A little context is necessary here.
Back in the very early 1990s, I had a conversation with my grandmother who lived in Miami Beach, about the influx of Haitian refugees (Boat People). She blamed the entire situation for forcing her out of her home in Brooklyn (because it’s so much easier to blame people for trying to make their lives better) and she told me about the ship the US turned away during the war, as if that justified her racist remarks.
She’s long gone, but that whine has stuck with me long term, like a lot of other things she told me about her version of history.
The irony that she chose to move to Miami (trading Hatian refugees for Cuban refugees) was not lost on me then.
Thing is, with the Internet, it’s really easy to find the history of her remarks, however wrongheaded I think they were then.
The U.S. Government Turned Away Thousands of Jewish Refugees, Fearing That They Were Nazi Spies: In a long tradition of “persecuting the refugee,” the State Department and FDR claimed that Jewish immigrants could threaten national security
Those of us with a shred of decency and a memory for empathy understand the plight of these people who would rather have stayed home, if only their homes weren’t destroyed and dangerous to stay near.

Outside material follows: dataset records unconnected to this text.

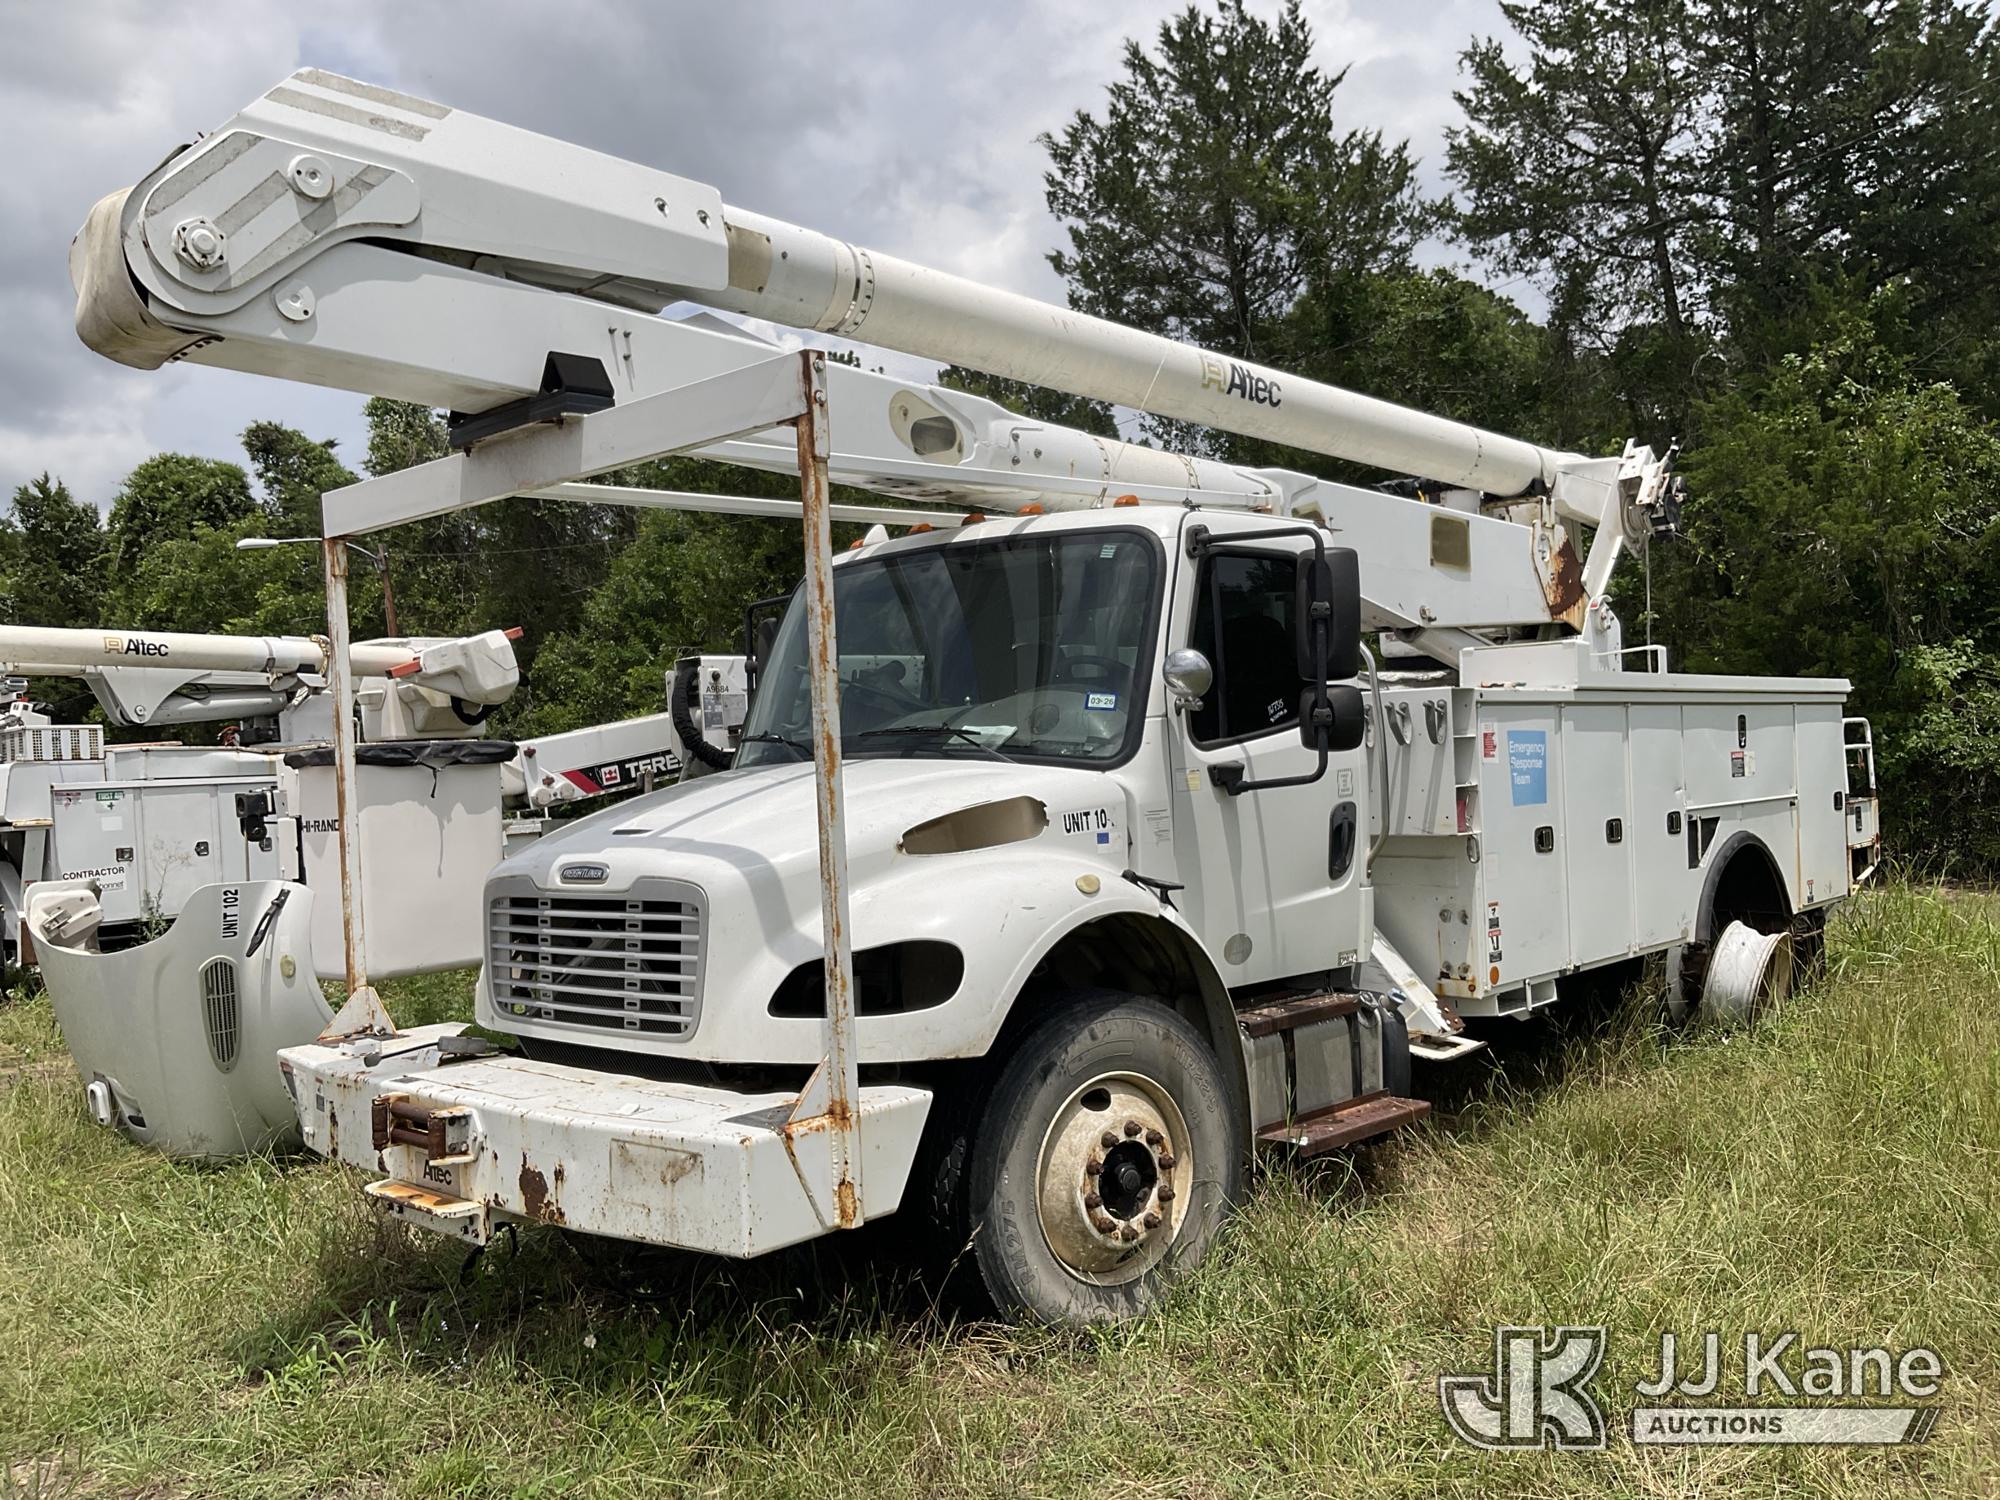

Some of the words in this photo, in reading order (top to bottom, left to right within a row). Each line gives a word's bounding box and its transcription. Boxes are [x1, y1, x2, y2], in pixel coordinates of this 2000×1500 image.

[1226, 363, 1282, 408] Altec
[124, 638, 169, 657] Altec
[1508, 740, 1545, 756] Emergency
[625, 754, 683, 778] TERE
[1509, 756, 1543, 771] Response
[1511, 772, 1531, 785] Team
[1063, 810, 1091, 834] UNIT
[62, 866, 125, 881] CONTRACTOR
[562, 866, 604, 880] FREIGHTLINER
[223, 889, 238, 909] 102
[222, 912, 238, 938] UNIT

The image of a sole boy in an ambulance, covered in dust and blood, a small body washed up onshore, neither of these images is strong enough to secure the required empathy of people who hear the word “migrant” and instantly associate these people with “freeloaders who want something for nothing.”
I would not be here now were it not for similar actions against the villages of my ancestors, at the turn of the last century. My great grandparents fled similar conditions in the Pale, seeking a safer place to raise their children. We are lucky we left Europe when we did, because the majority of us survived, amid intense racism.

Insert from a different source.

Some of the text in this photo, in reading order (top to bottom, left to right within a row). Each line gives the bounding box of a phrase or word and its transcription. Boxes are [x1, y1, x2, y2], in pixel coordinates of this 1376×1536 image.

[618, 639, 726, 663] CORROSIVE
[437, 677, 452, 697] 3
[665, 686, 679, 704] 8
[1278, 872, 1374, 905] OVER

Some of my family did not make it to safety, however, and some chose to move instead to England.
At one point, I thought (naively) that England might be an alternative to a fascist takeover of the US, but I’ve since come to the conclusion that England wouldn’t necessarily want me. The Brexit vote is a symptom of a much larger problem, pushed by the UKIP and driven by a lot of the same gut-founded emotional crap that kept the SS Drottningholm from discharging its cargo of refugees. It’s the same crap that’s driving far, far too many people to support Trump in this election.
I used to think (also naively) that the only reason the GOP feared refugees was that they might import more Democrats and that was not to be tolerated, but this has devolved into something much, much uglier. It’s about failing to accept responsibility in any conceivable way for the plight of these people, to shove them back into the shadows, and to continue to inflame the existing problem so that their endless war can continue indefinitely.
What’s saddest about this is that these demagogues imply that if we elect them, they’ll keep us from war.
Yeah, well, George W. Bush and Dick Cheney did a bang-up job. We’re still paying that bill. Putting the GOP in charge of this country in anything other than dogcatcher virtually ensures war will never, ever, end. The refugees will never escape, and we won’t, either, if the other countries close their borders to us.
We can’t conceive of a time when we won’t be able to travel, but what’s to stop other countries from rejecting US for the same reasons we reject THEM?